Washington: The US would prefer India to “move away” from its long-term history of non-alignment G77 partnership with Russia, the Biden administration has told lawmakers, observing that there is a great opportunity to ramp up defence trade between the two countries that are moving forward on many achievements critical to the prosperity and security of the Indo-Pacific region.

Deputy Secretary of State Wendy Sherman told members of the powerful House Foreign Affairs Committee during a Congressional hearing early this week that America shares a very critical relationship with India.

“They are the largest democracy in the world. We have a strong defence relationship with them. They are part of the Quad, with Australia and Japan, and we are moving forward on many achievements that are critical to Indo-Pacific prosperity and security,” she said.

“We, obviously, would prefer that India move away from their long-term history of non-alignment G77 partnership with Russia,” Sherman said in response to a question from Congressman Tim Burchett.

The US has told Indian officials that it will be very hard for them now to get spare parts or to get them replaced from Russia because of the sanctions, she said.

“They have increased their defence relationship with us, and defence sales, and co-production efforts. And I think this is a great opportunity for that to surge in the years ahead,” she said.

US officials have expressed concern over India’s purchase of the S-400 missile systems by Russia.

In October 2018, India signed a USD 5 billion deal with Russia to buy five units of the S-400 Triumf air defence missile systems to ramp up its air defence, despite a warning from the then Trump administration that going ahead with the contract may invite US sanctions.

The US has already imposed sanctions on Turkey under the CAATSA for the purchase of a batch of S-400 missile defence systems from Russia.

“I’m wondering will India’s neutrality in Russia’s war on Ukraine and the country’s general friendship with Russia have any effect on our policy towards India? US policy towards India, I guess I should say,” Burchett asked.

Congressman Joe Wilson also asked about India’s position in Ukraine. He said the world’s largest democracy should be standing firm with the other democracies.

“We’re in a conflict that has been identified by President Biden as totalitarianism against democracies. And so, either we stand for democracy’s rule of law or we’ll be facing around the world destabilisation by governments that are the rule of the gun,” he said.

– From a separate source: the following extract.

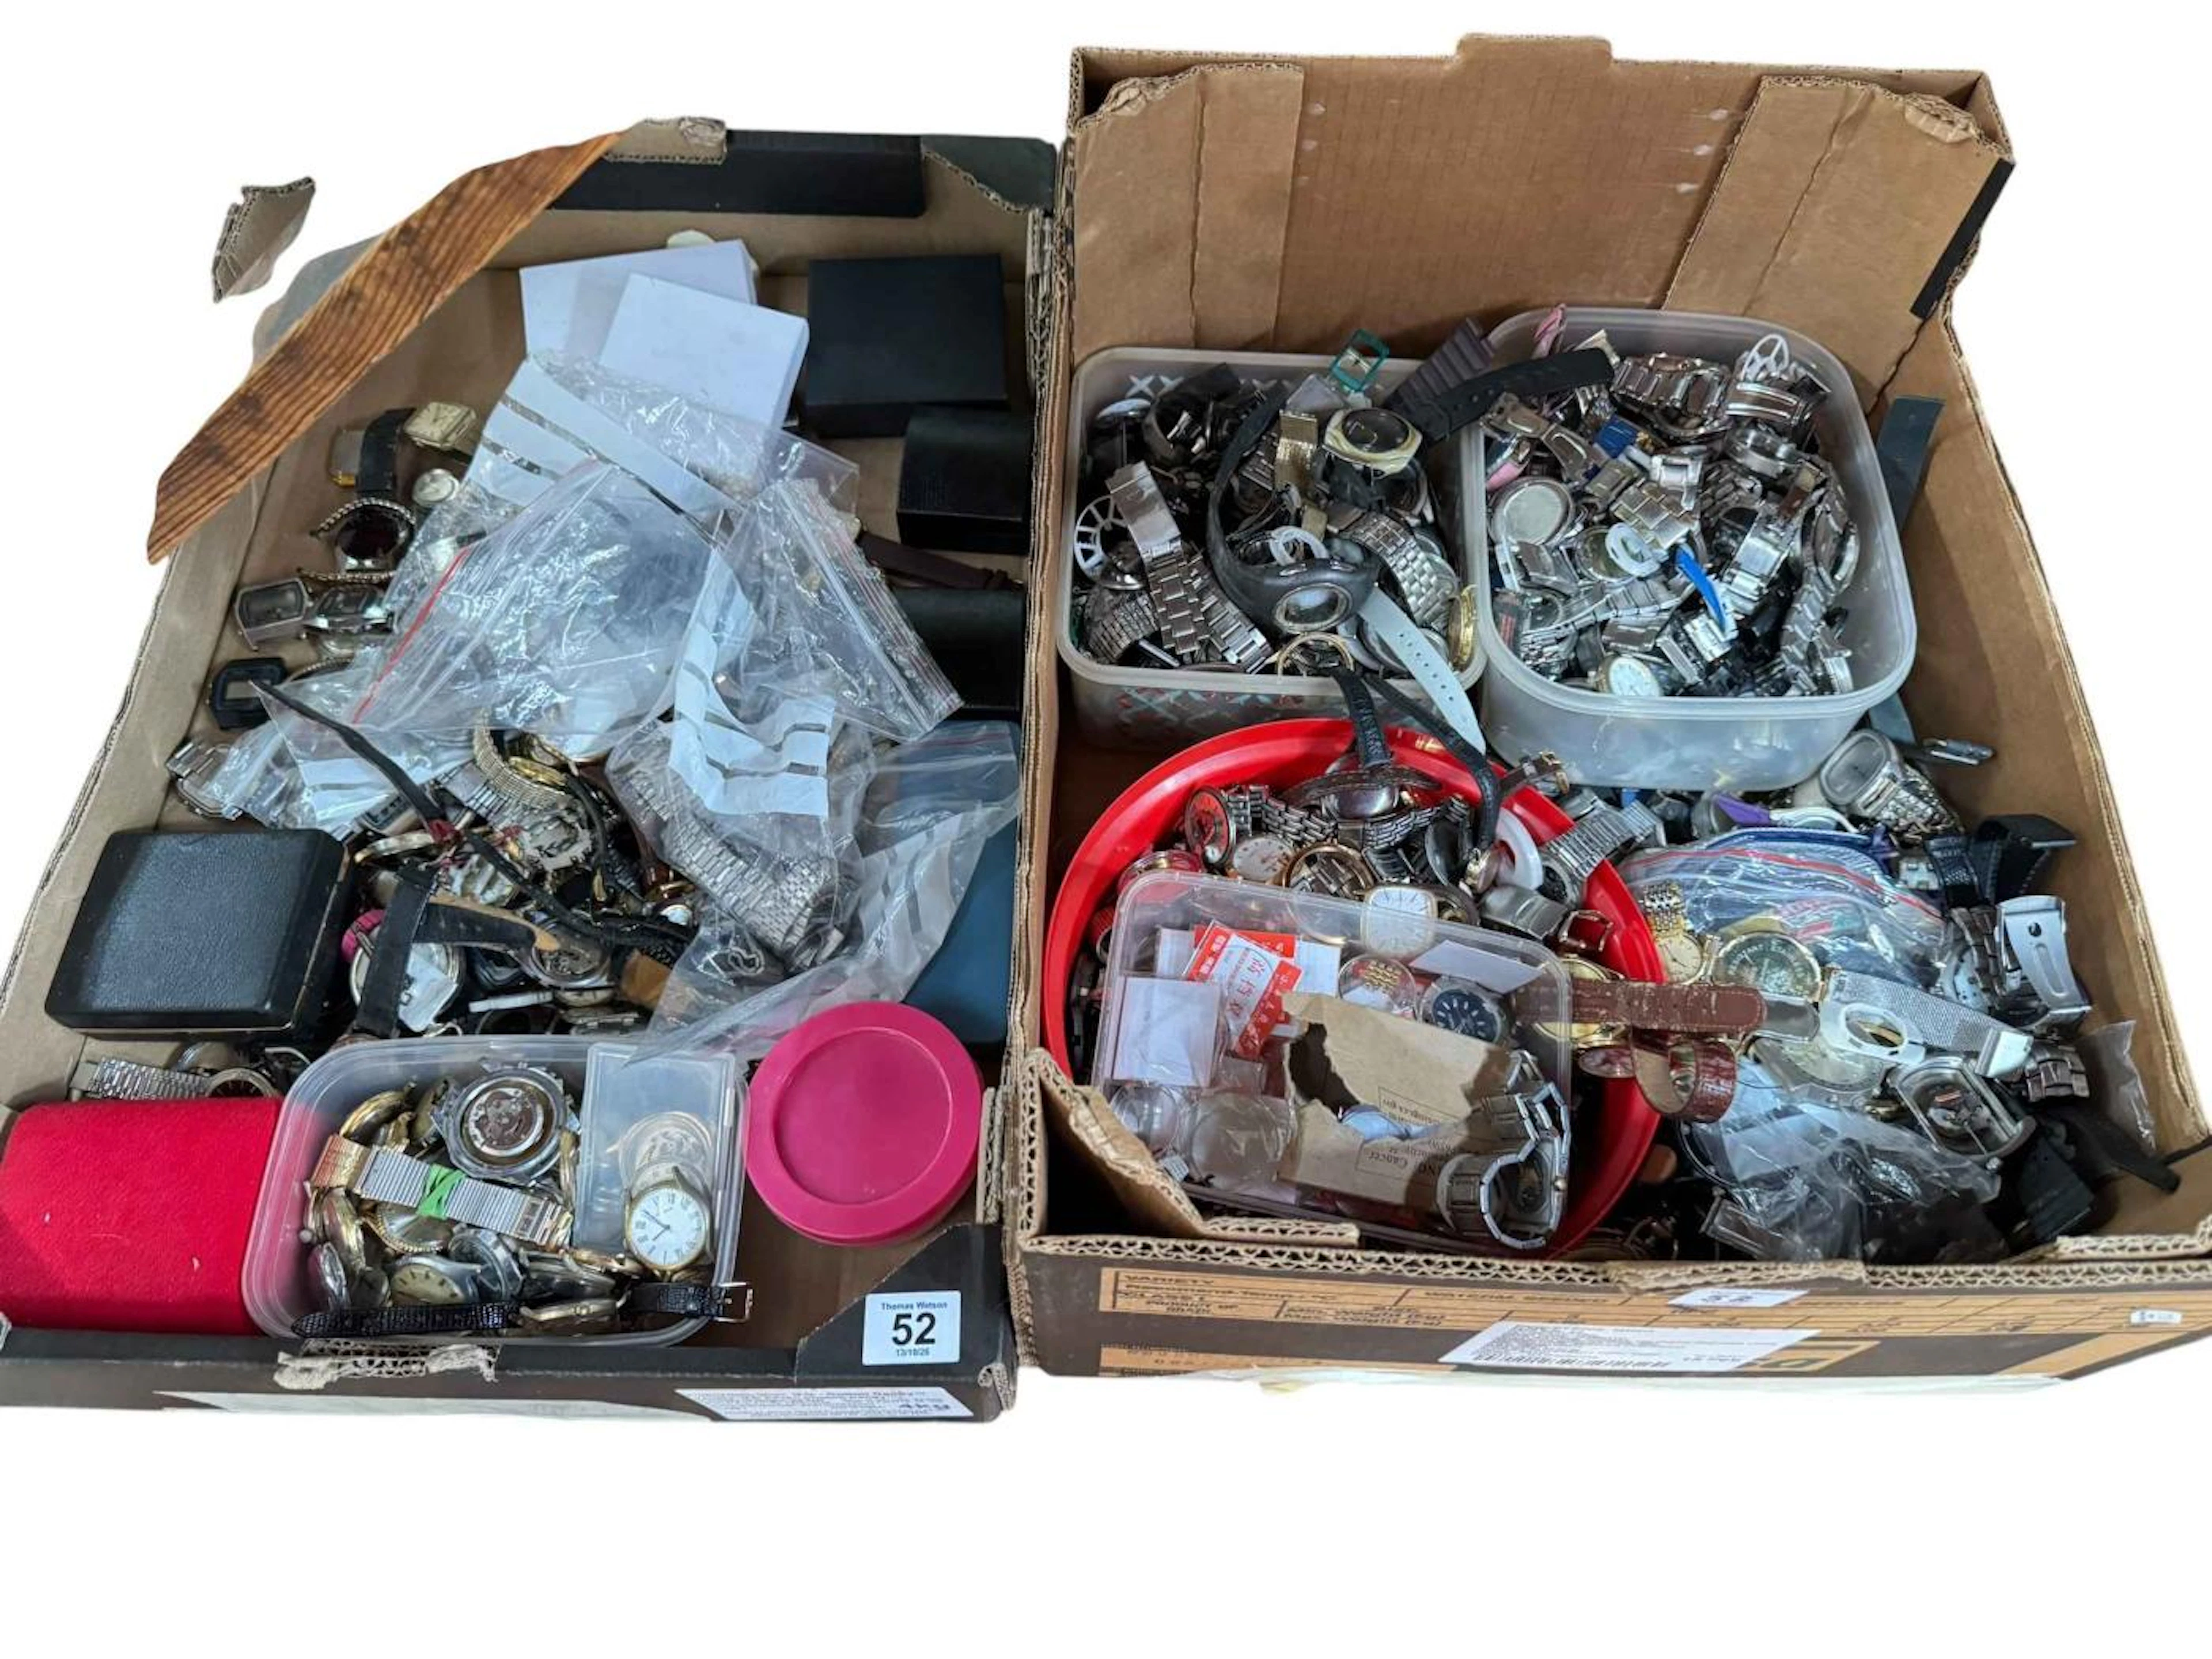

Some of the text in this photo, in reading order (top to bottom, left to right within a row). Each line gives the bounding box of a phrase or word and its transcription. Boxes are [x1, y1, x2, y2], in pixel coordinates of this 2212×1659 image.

[881, 1301, 948, 1310] Thomas Watson
[891, 1312, 936, 1345] 52
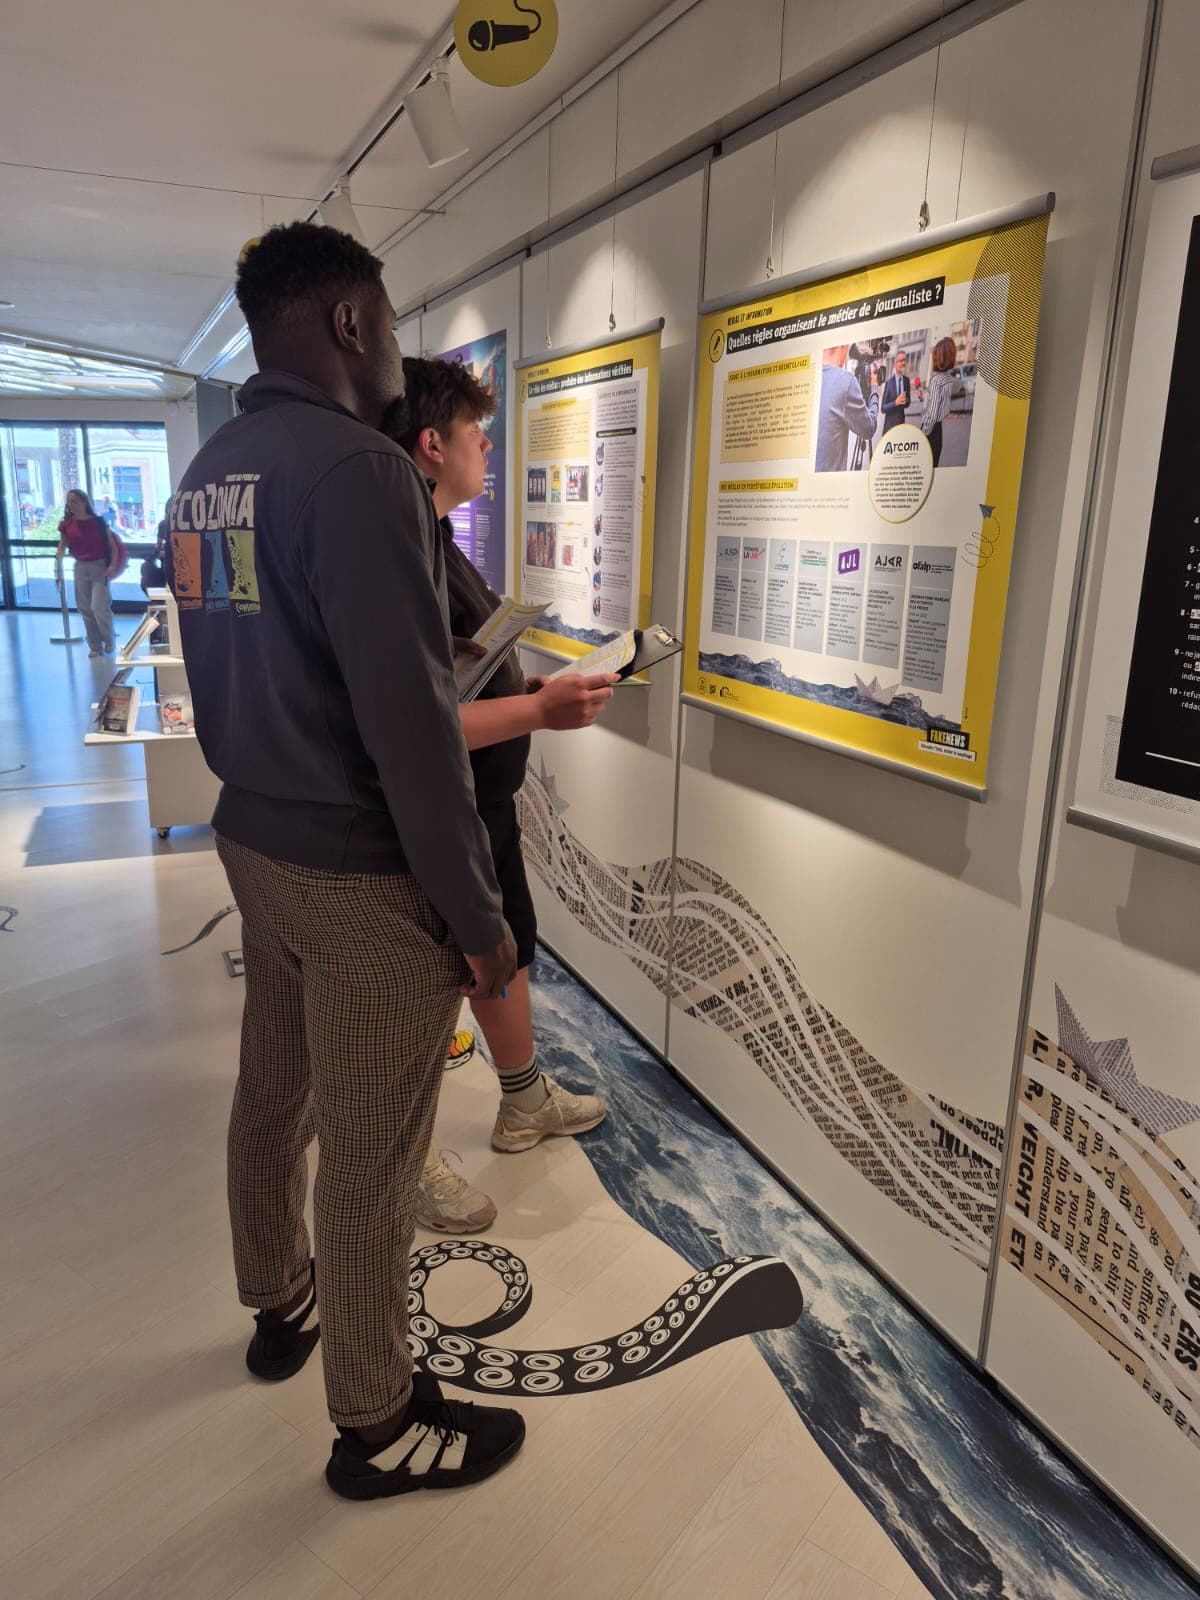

“And so, how can we make an effort to replace the oil that India depends on and the military equipment that they depend on from Putin? This is just so illogical for the extraordinary country of India, the wonderful people of India, to be overlooking abstaining. That’s incredible. That’s such an insult to the people of India,” Wilson said.

India has faced flak from US lawmakers, both Republicans and Democrats, for choosing to abstain from UN votes to rebuke Russia’s invasion of Ukraine.

Unlike many other leading Western powers, India has not yet criticised Russia for its invasion of Ukraine and it abstained from the votes at the UN platforms in condemning the Russian aggression.

However, External Affairs Minister S. Jaishankar has asserted that India is strongly against the Russia-Ukraine conflict as no solution can be arrived at by shedding blood. He told parliament this week that “if New Delhi has chosen a side, it is the side of peace and an immediate end to violence”.

During the hearing, Sherman said America’s relationship with India, the world’s largest democracy, is critical in so many areas.

“We have had very direct conversations with them about how we can address their very legitimate needs for their country,” she added.

“I think that there’s progress being made to see what we can do to be supportive to them, while, at the same time, urging them to be more forthright regarding what’s happening in Ukraine,” Sherman said.

“I did note that they made comments, not surprising, about the horrors that have taken place in Bucha. And so, I think we just have to keep working at this relationship and understanding the complexity of it, and helping India to really understand what is in their national security interests,” said the top American diplomat.

Talking about the civilian killings in the Ukrainian city of Bucha, Jaishankar has said that India was “deeply disturbed” by the reports of civilian killings in Ukraine.